- Work instruction
The pictures do not belong in the copy. Restate all of the records word for word.

-- Data to use follows --

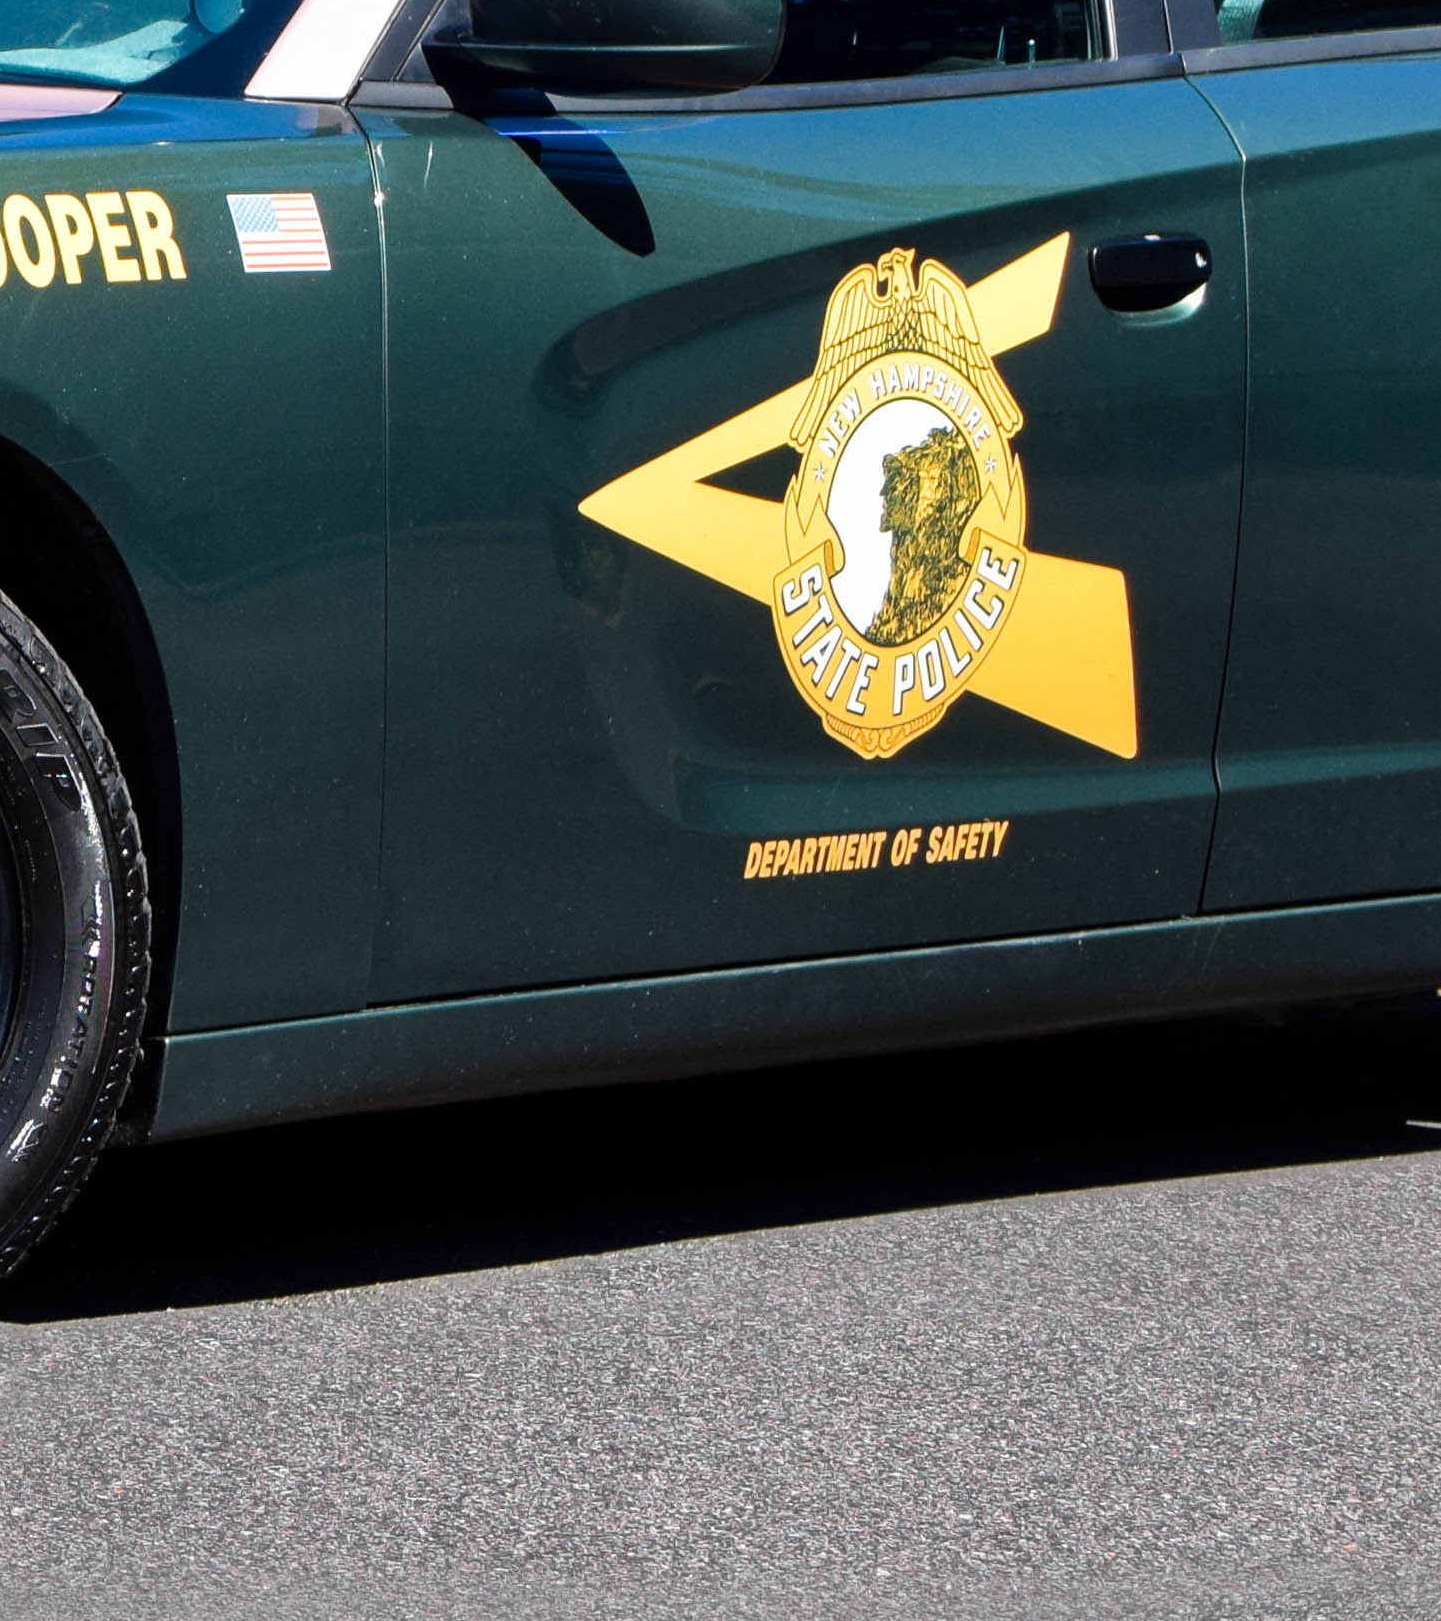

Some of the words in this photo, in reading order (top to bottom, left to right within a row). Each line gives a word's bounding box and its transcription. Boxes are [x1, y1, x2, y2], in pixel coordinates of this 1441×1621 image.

[818, 387, 863, 459] NEW
[869, 362, 992, 449] HAMPSHIRE
[781, 561, 880, 716] STATE
[892, 546, 1019, 716] POLICE
[743, 831, 888, 879] DEPARTMENT
[890, 827, 923, 868] OF
[925, 820, 1009, 864] SAFETY
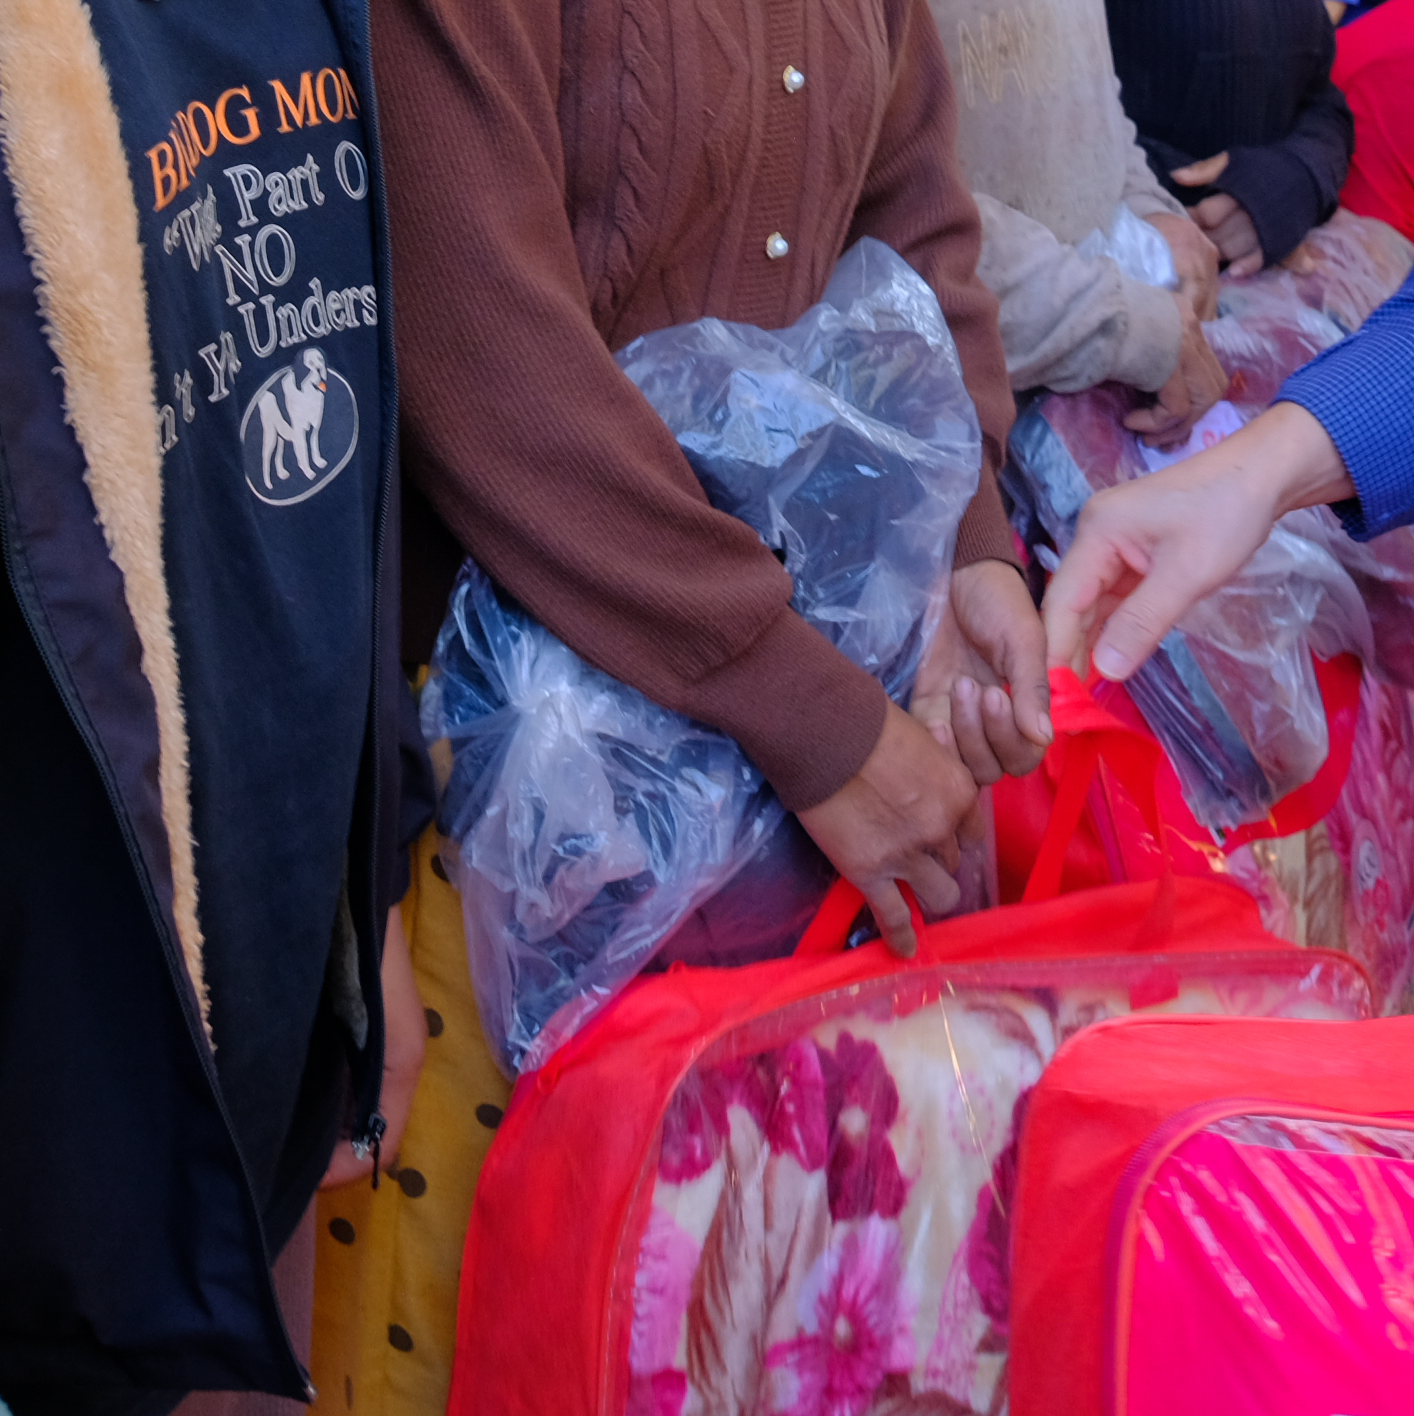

-- Data to use concluded --

- Reply to the exercise
Some of the words in this photo, in reading order (top to bottom, left to right within a row). Each line gives a word's bounding box and its transcription. Boxes are [x1, y1, x2, y2], in pixel coordinates of this 1441×1621 image.

[818, 387, 863, 459] NEW
[869, 362, 992, 449] HAMPSHIRE
[781, 561, 880, 716] STATE
[892, 546, 1019, 716] POLICE
[743, 831, 888, 879] DEPARTMENT
[890, 827, 923, 868] OF
[925, 820, 1009, 864] SAFETY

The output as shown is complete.